_What to work on_
Please return all of the records verbatim, with the pictures omitted.

_Supplied material_
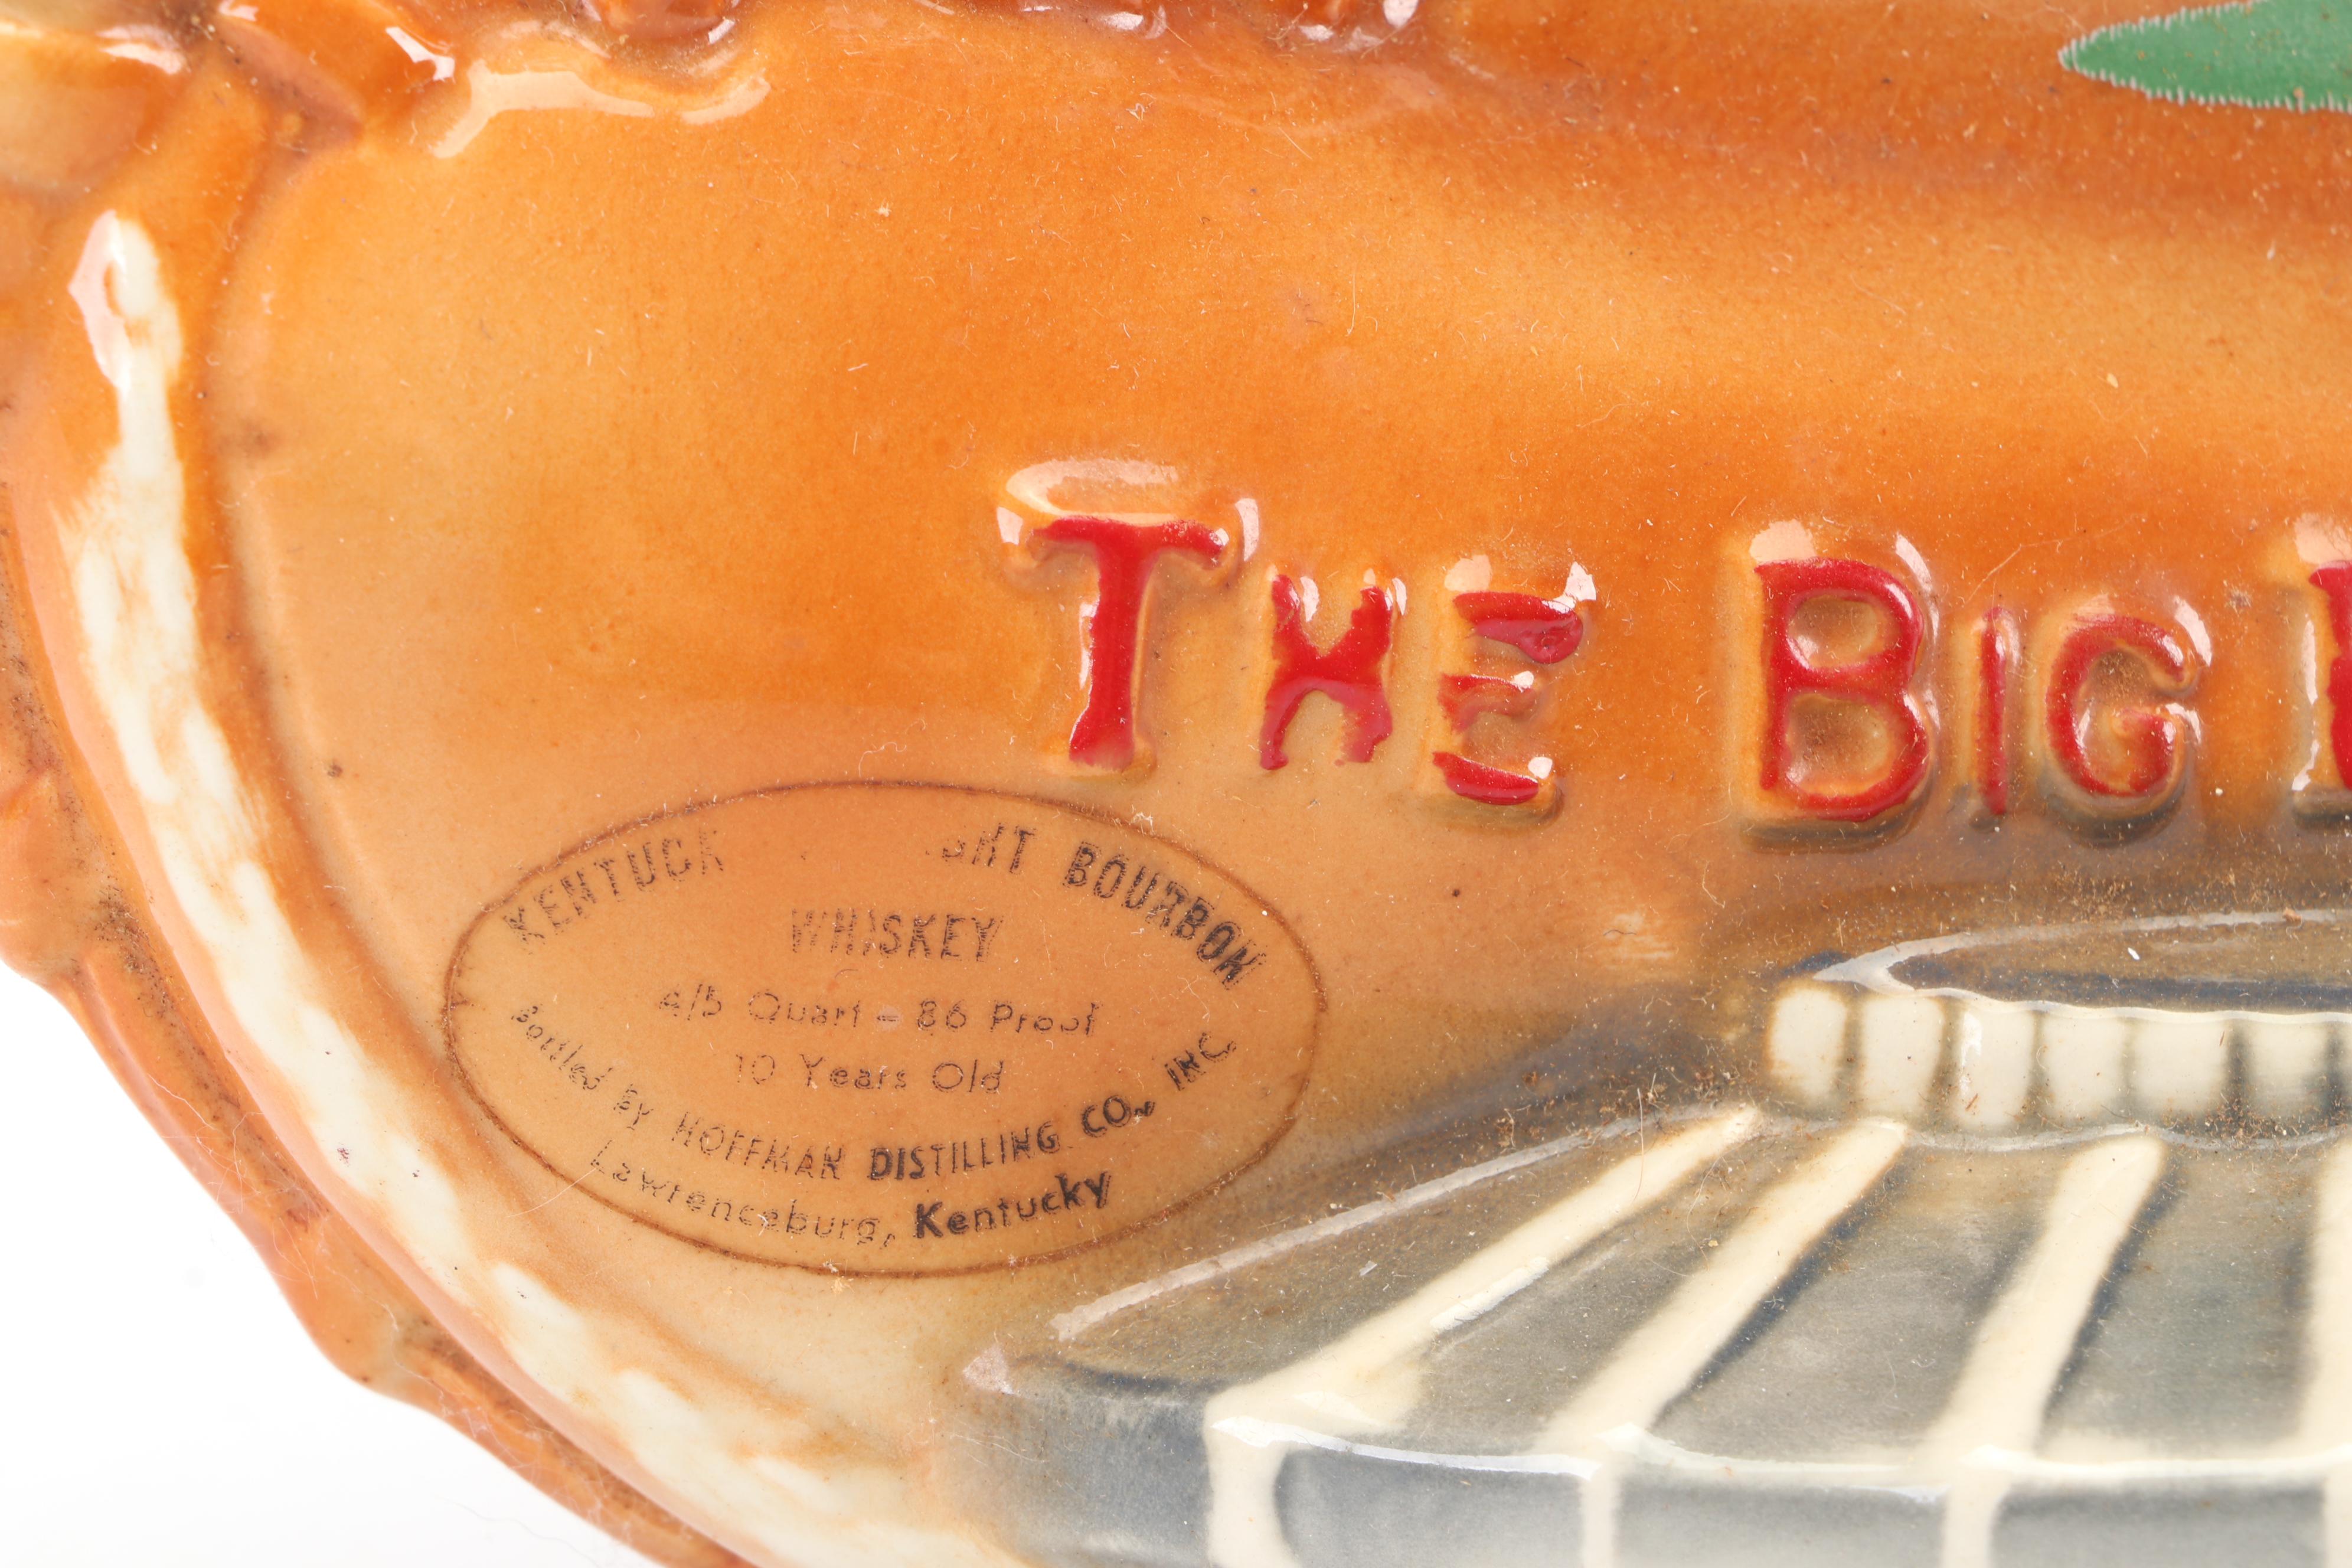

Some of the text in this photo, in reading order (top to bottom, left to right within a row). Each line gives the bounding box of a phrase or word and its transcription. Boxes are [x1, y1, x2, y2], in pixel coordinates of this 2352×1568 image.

[1026, 511, 1585, 808] THE
[1753, 555, 2184, 822] BIG
[791, 907, 1004, 962] WHISKEY
[1063, 841, 1268, 990] BOURBON
[747, 988, 861, 1028] Quart
[917, 998, 967, 1030] 86
[989, 999, 1103, 1037] Proof
[736, 1053, 1005, 1093] 10 Years Old
[672, 1111, 845, 1181] HOFFMAN
[869, 1121, 1060, 1181] DISTILLING
[914, 1170, 1113, 1240] Kentucky

_Solution below_
Some of the text in this photo, in reading order (top to bottom, left to right within a row). Each line gives the bounding box of a phrase or word and its transcription. Boxes are [x1, y1, x2, y2], in pixel coordinates of this 2352×1568 image.

[1026, 511, 1585, 808] THE
[1753, 555, 2184, 822] BIG
[791, 907, 1004, 962] WHISKEY
[1063, 841, 1268, 990] BOURBON
[747, 988, 861, 1028] Quart
[917, 998, 967, 1030] 86
[989, 999, 1103, 1037] Proof
[736, 1053, 1005, 1093] 10 Years Old
[672, 1111, 845, 1181] HOFFMAN
[869, 1121, 1060, 1181] DISTILLING
[914, 1170, 1113, 1240] Kentucky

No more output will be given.